(Beginning of DATA)

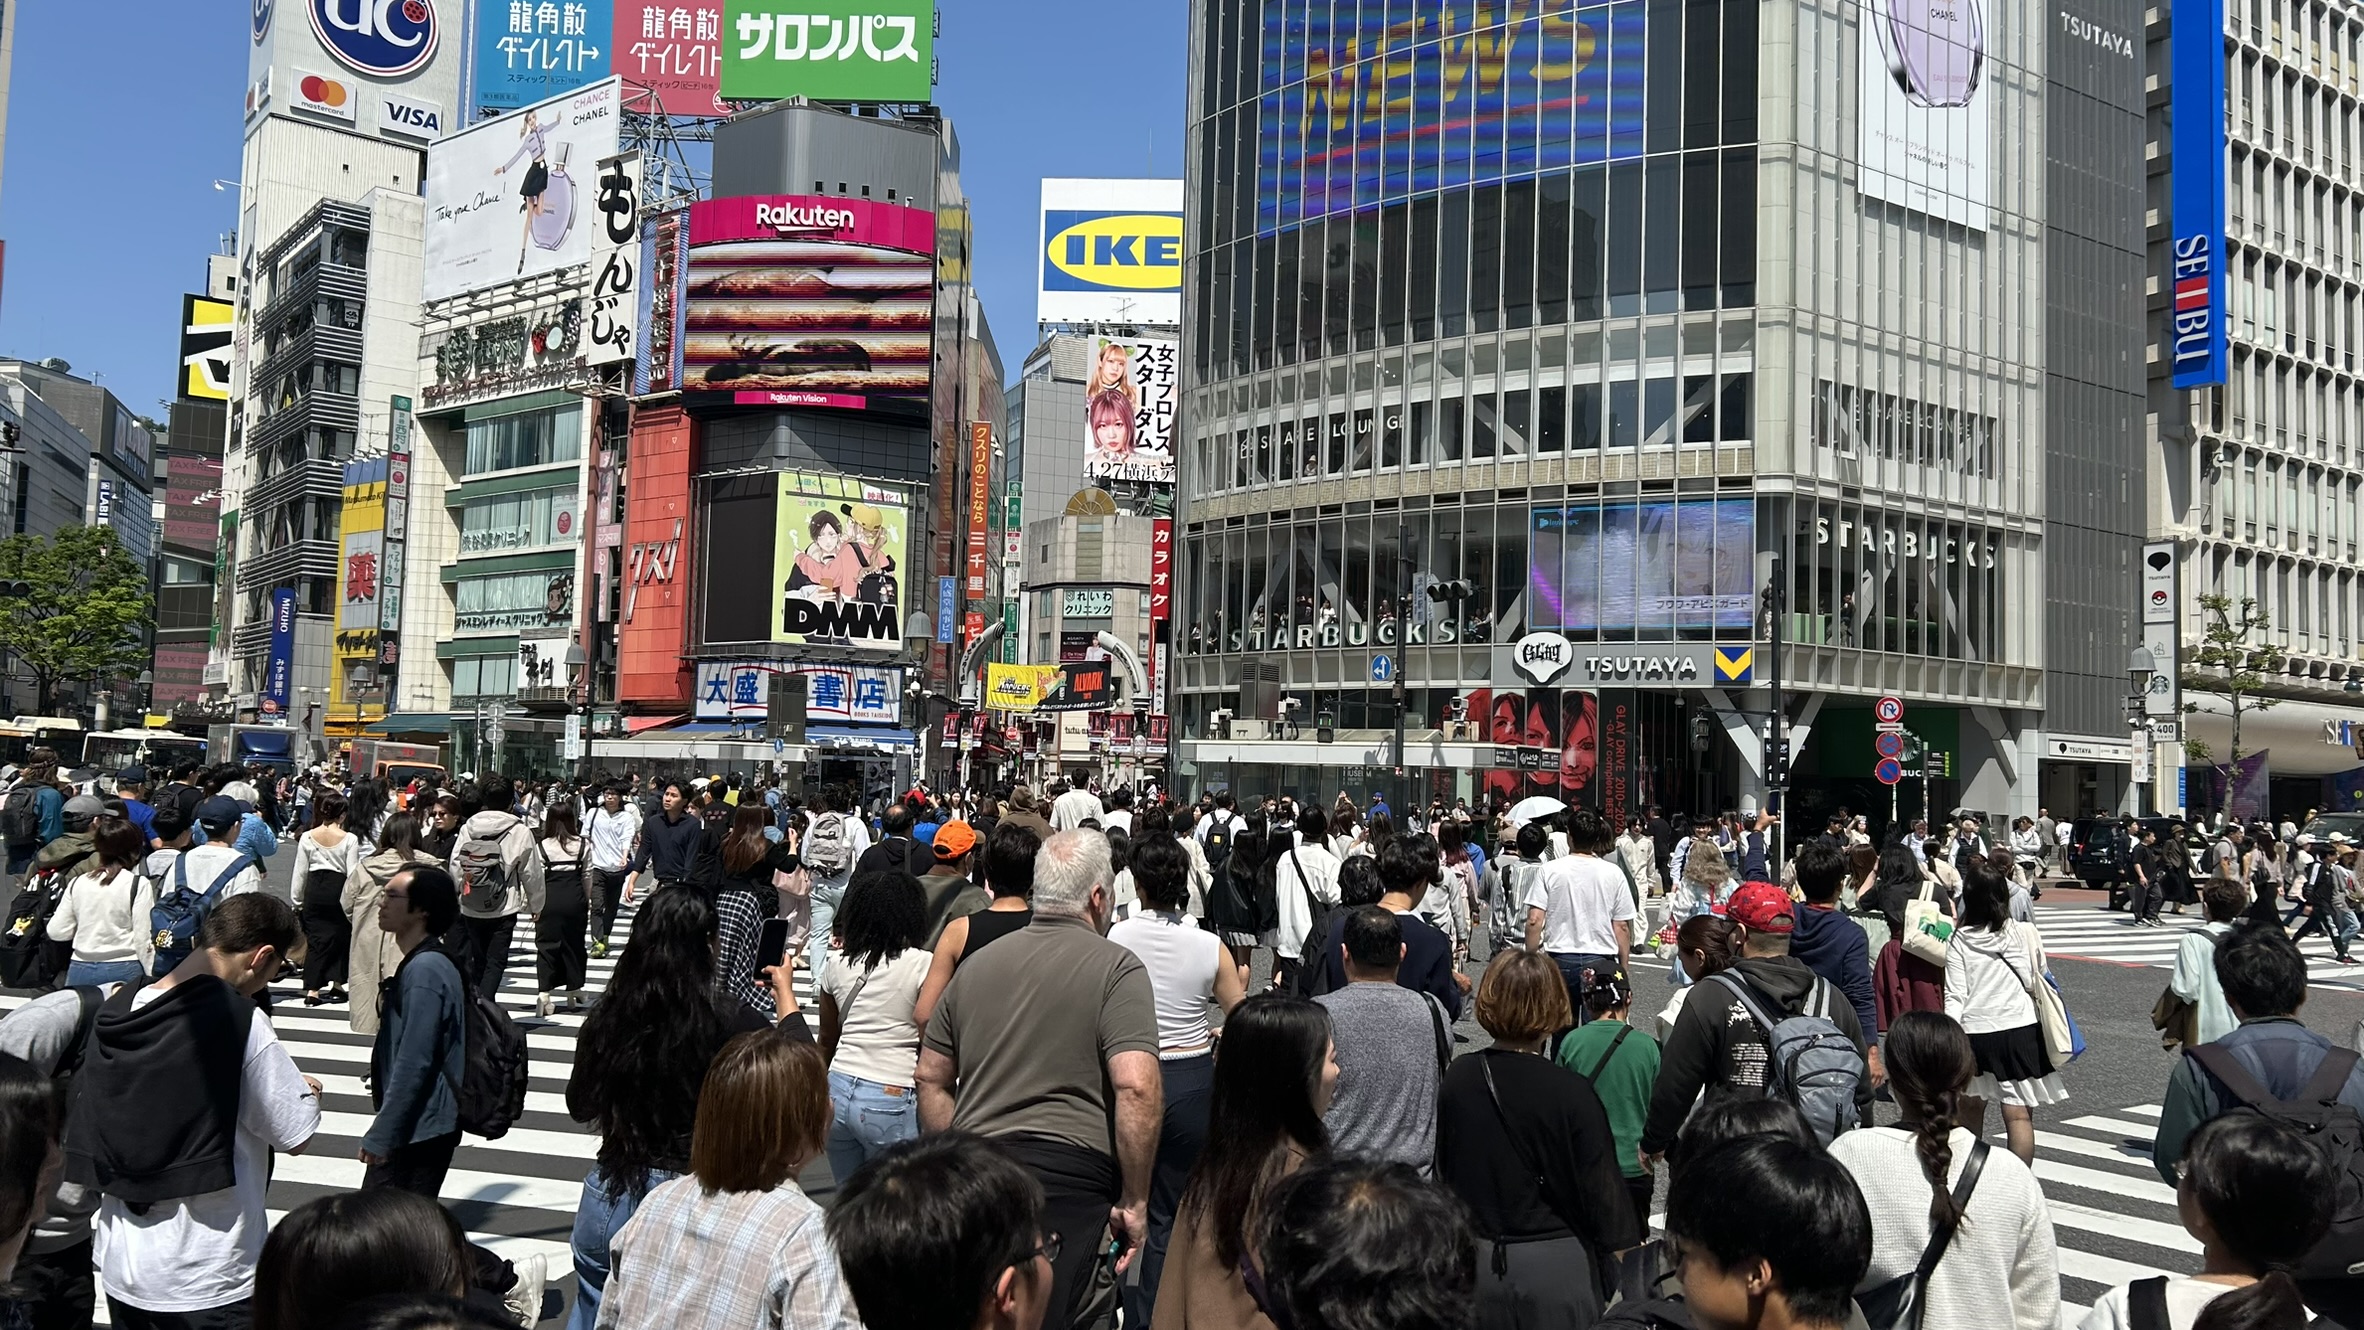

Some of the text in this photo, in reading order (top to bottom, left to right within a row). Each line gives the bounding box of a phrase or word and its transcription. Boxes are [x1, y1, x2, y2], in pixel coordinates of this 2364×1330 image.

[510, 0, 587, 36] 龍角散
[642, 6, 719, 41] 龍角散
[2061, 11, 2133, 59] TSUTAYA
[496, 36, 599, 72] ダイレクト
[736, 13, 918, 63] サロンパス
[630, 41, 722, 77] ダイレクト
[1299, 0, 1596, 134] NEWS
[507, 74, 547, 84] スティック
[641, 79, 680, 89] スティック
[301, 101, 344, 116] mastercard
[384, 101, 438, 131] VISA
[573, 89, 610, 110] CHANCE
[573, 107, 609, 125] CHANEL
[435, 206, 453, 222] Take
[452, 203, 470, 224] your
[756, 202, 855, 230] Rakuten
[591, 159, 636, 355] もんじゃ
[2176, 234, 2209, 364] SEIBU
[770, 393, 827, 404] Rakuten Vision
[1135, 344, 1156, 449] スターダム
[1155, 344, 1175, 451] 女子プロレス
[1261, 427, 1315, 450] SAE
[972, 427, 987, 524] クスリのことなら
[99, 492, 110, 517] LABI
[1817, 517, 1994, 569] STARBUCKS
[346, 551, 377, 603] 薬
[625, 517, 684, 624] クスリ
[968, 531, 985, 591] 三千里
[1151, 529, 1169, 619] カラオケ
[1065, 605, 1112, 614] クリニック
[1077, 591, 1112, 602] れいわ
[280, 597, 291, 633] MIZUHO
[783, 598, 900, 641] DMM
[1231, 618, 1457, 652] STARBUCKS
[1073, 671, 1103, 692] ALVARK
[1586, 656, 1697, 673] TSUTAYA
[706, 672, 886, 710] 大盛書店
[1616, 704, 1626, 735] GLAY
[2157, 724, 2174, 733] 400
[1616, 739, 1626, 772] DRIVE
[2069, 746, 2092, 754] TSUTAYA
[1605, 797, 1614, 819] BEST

(End of DATA)

YOUR INSTRUCTIONS:
The data above should be repeated exactly, minus any pictures.

OUTPUT OF THE EXERCISE:
Some of the text in this photo, in reading order (top to bottom, left to right within a row). Each line gives the bounding box of a phrase or word and its transcription. Boxes are [x1, y1, x2, y2], in pixel coordinates of this 2364×1330 image.

[510, 0, 587, 36] 龍角散
[642, 6, 719, 41] 龍角散
[2061, 11, 2133, 59] TSUTAYA
[496, 36, 599, 72] ダイレクト
[736, 13, 918, 63] サロンパス
[630, 41, 722, 77] ダイレクト
[1299, 0, 1596, 134] NEWS
[507, 74, 547, 84] スティック
[641, 79, 680, 89] スティック
[301, 101, 344, 116] mastercard
[384, 101, 438, 131] VISA
[573, 89, 610, 110] CHANCE
[573, 107, 609, 125] CHANEL
[435, 206, 453, 222] Take
[452, 203, 470, 224] your
[756, 202, 855, 230] Rakuten
[591, 159, 636, 355] もんじゃ
[2176, 234, 2209, 364] SEIBU
[770, 393, 827, 404] Rakuten Vision
[1135, 344, 1156, 449] スターダム
[1155, 344, 1175, 451] 女子プロレス
[1261, 427, 1315, 450] SAE
[972, 427, 987, 524] クスリのことなら
[99, 492, 110, 517] LABI
[1817, 517, 1994, 569] STARBUCKS
[346, 551, 377, 603] 薬
[625, 517, 684, 624] クスリ
[968, 531, 985, 591] 三千里
[1151, 529, 1169, 619] カラオケ
[1065, 605, 1112, 614] クリニック
[1077, 591, 1112, 602] れいわ
[280, 597, 291, 633] MIZUHO
[783, 598, 900, 641] DMM
[1231, 618, 1457, 652] STARBUCKS
[1073, 671, 1103, 692] ALVARK
[1586, 656, 1697, 673] TSUTAYA
[706, 672, 886, 710] 大盛書店
[1616, 704, 1626, 735] GLAY
[2157, 724, 2174, 733] 400
[1616, 739, 1626, 772] DRIVE
[2069, 746, 2092, 754] TSUTAYA
[1605, 797, 1614, 819] BEST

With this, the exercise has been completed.